Shoulder Impingement Pain
Summer is here (although it feels ironic to say that given the deluge yesterday and the week of rain we have forecast). Summer motivates many of us to get out playing cricket, tennis, stool ball (a Sussex speciality), athletics and golf. For those less athletically minded, many get more active with DIY and gardening throughout.
As is often the case with increased activity we can start to get more aches and pains. All the sports and activities mentioned earlier put us at increased risk of aches and pains, in particular shoulders can begin to suffer if not looked after properly.
The complex nature of the shoulder makes it vulnerable to various different pains and instabilities. Many of us have been diagnosed with a condition called sub- acromial impingement syndrome or shoulder impingement. It tends to cause pain down on the top and the side of your arm, pain lifting your arm overhead, pain at night and sometimes a feeling of weakness. This is specifically what a new review has looked at.

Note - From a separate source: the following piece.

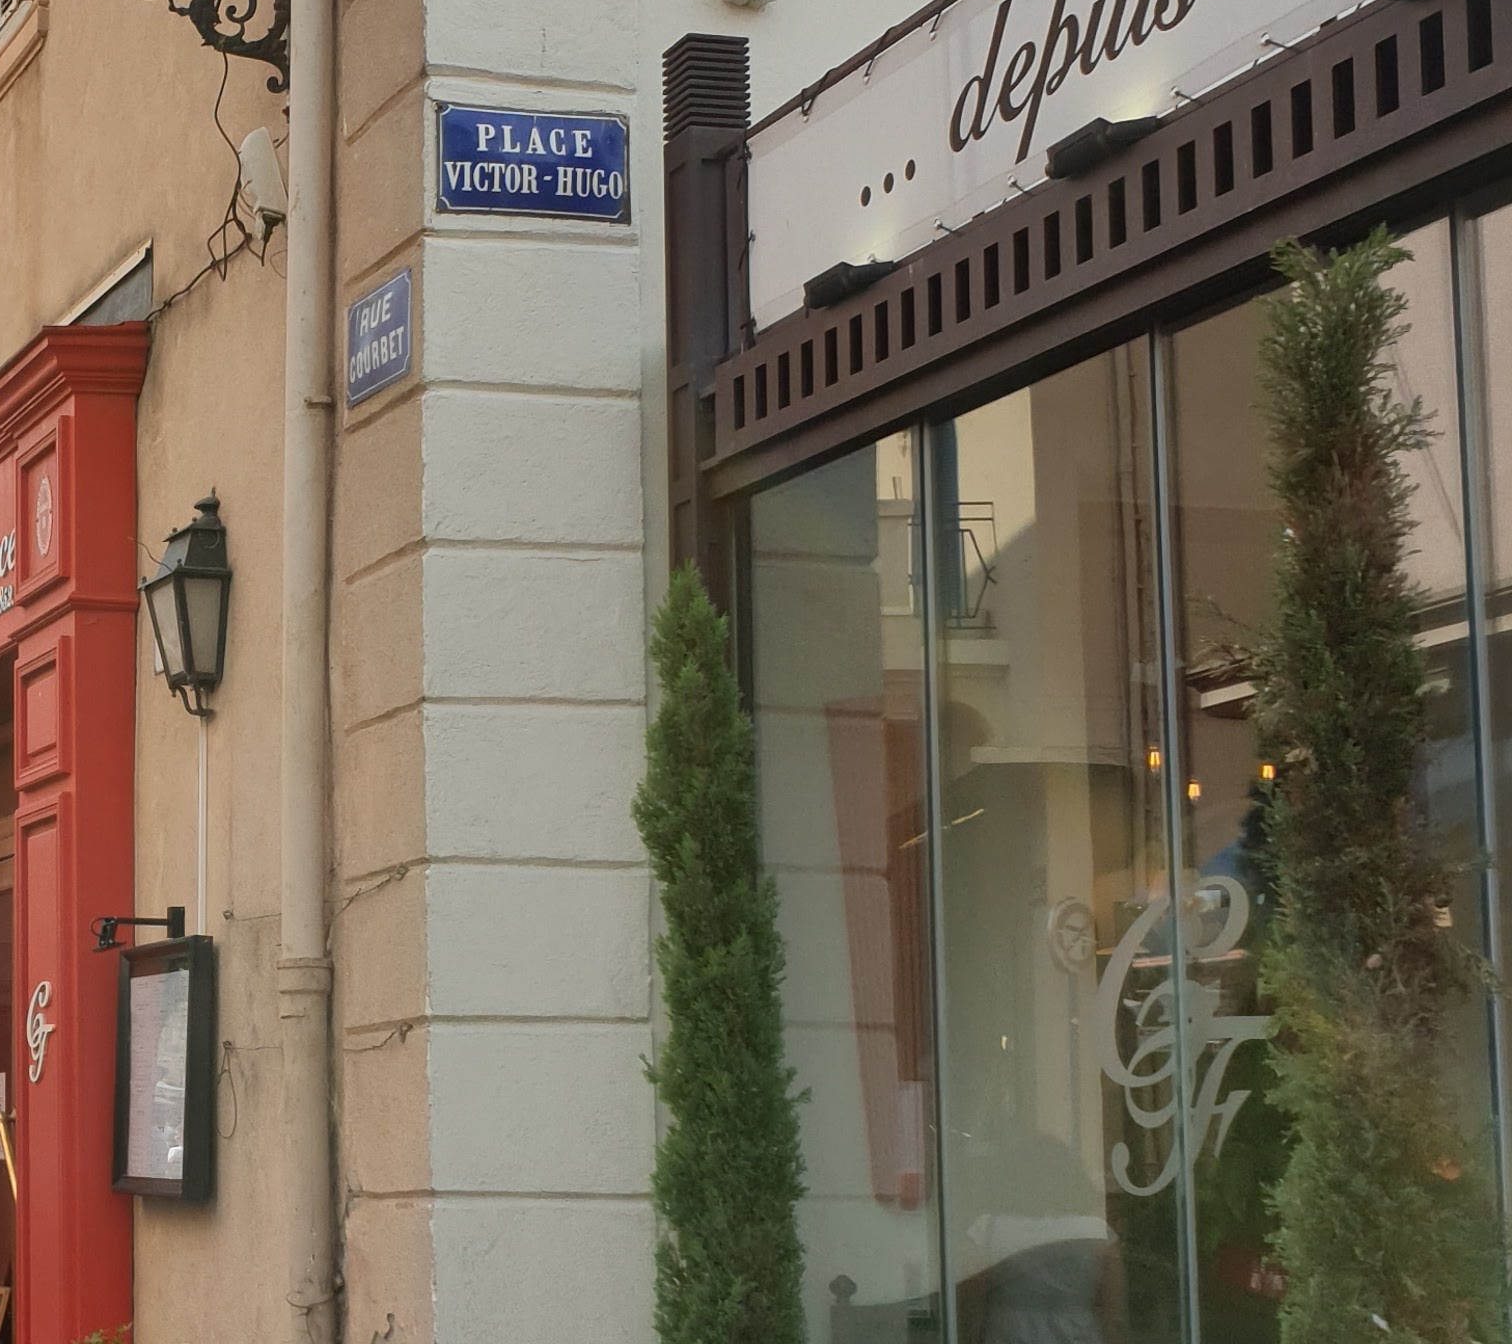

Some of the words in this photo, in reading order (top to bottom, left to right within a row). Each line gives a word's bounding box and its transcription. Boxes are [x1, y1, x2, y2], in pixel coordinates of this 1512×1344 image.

A recent systematic review (a review of relevant studies) looking at shoulder surgery versus physiotherapy rehabilitation in patients with subacromial impingement, has shown that the long-term outcomes of physiotherapy rehab can be as beneficial as surgery if not slightly better! The key findings were:
- some patients will continue to experience minor pain regardless of whether they have surgery or physiotherapy.
- placebo surgery studies show us that there is no important benefit of having surgery, on pain or function.
Whilst nothing is clear cut and there are thoughts that if we better divide patients into different groups we may get different results, at the moment we have to work with what we do know. When our patients come in to see us, we do everything we can to successfully rehabilitate them without referring them onto a surgeon.
The key to success of any rehabilitation is a thorough and accurate assessment and diagnosis by an experienced physiotherapist. A good explanation is needed at the start of the process that it may take a good 4-6 months to see definitive benefits. Physiotherapy should involve manual techniques and most importantly a graded exercise regime which needs to be adapted and increased at appropriate times under the guidance of a skilled physiotherapist.
This should allow you to continue doing your activities whilst being rehabbed although we may need to modify techniques or teach appropriate strapping techniques.
The benefits of an appropriate physiotherapy regime for shoulder pain particularly impingement is no longer in question. This does not depend on your age or how active you are. Some people can have shoulder pain in simple tasks such as putting jumpers on or trying to wash their hair. Don’t continue to suffer the pain in silence.
Subacromial decompression surgery for adults with shoulder pain: a systematic review with meta analysis; Lahdeoja, T et al; British Journal of Sports Medicine, 15/1/19.